> **Exercise aim**: Reprint each record exactly. Pictures are not reprinted.

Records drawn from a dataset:

────────────────────

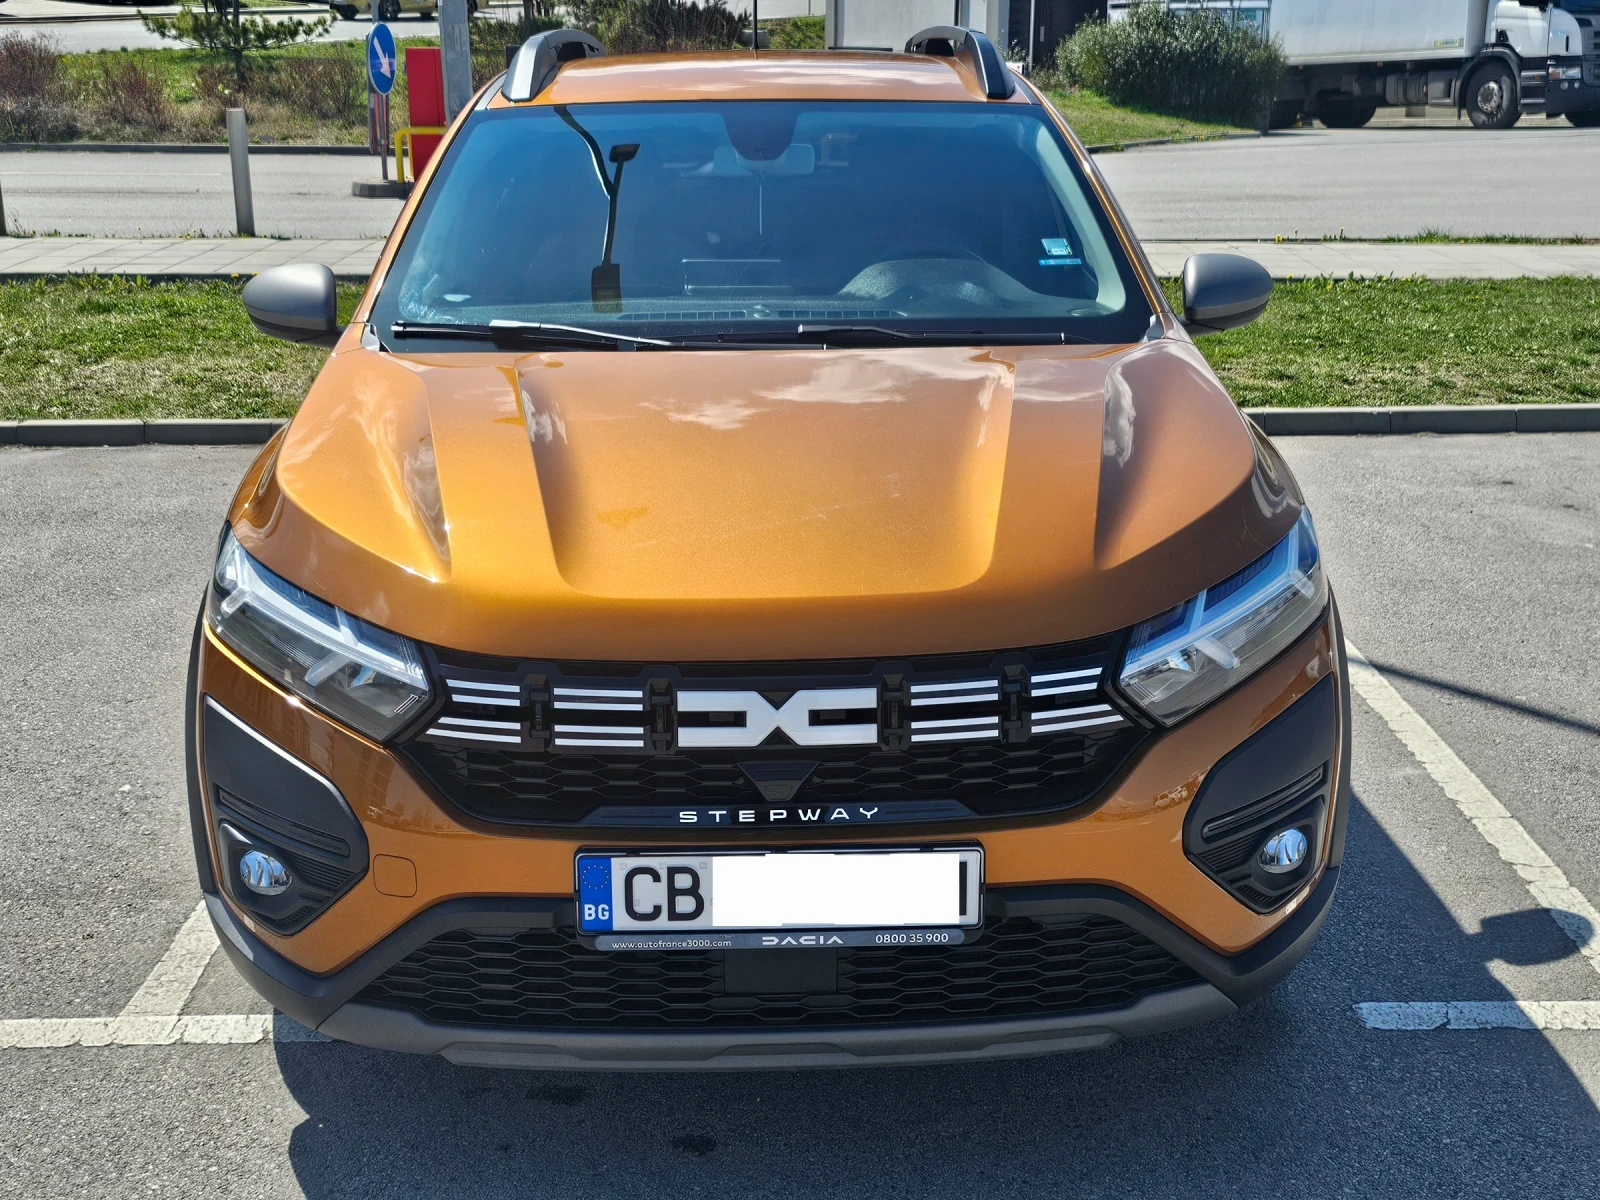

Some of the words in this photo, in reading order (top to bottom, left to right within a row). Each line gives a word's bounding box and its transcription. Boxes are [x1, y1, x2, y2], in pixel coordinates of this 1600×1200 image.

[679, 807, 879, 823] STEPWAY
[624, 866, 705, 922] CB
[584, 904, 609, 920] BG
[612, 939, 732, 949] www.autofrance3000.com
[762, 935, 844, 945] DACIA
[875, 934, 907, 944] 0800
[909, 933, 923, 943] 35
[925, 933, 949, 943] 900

────────────────────

> **Solution to this task**:
Some of the words in this photo, in reading order (top to bottom, left to right within a row). Each line gives a word's bounding box and its transcription. Boxes are [x1, y1, x2, y2], in pixel coordinates of this 1600×1200 image.

[679, 807, 879, 823] STEPWAY
[624, 866, 705, 922] CB
[584, 904, 609, 920] BG
[612, 939, 732, 949] www.autofrance3000.com
[762, 935, 844, 945] DACIA
[875, 934, 907, 944] 0800
[909, 933, 923, 943] 35
[925, 933, 949, 943] 900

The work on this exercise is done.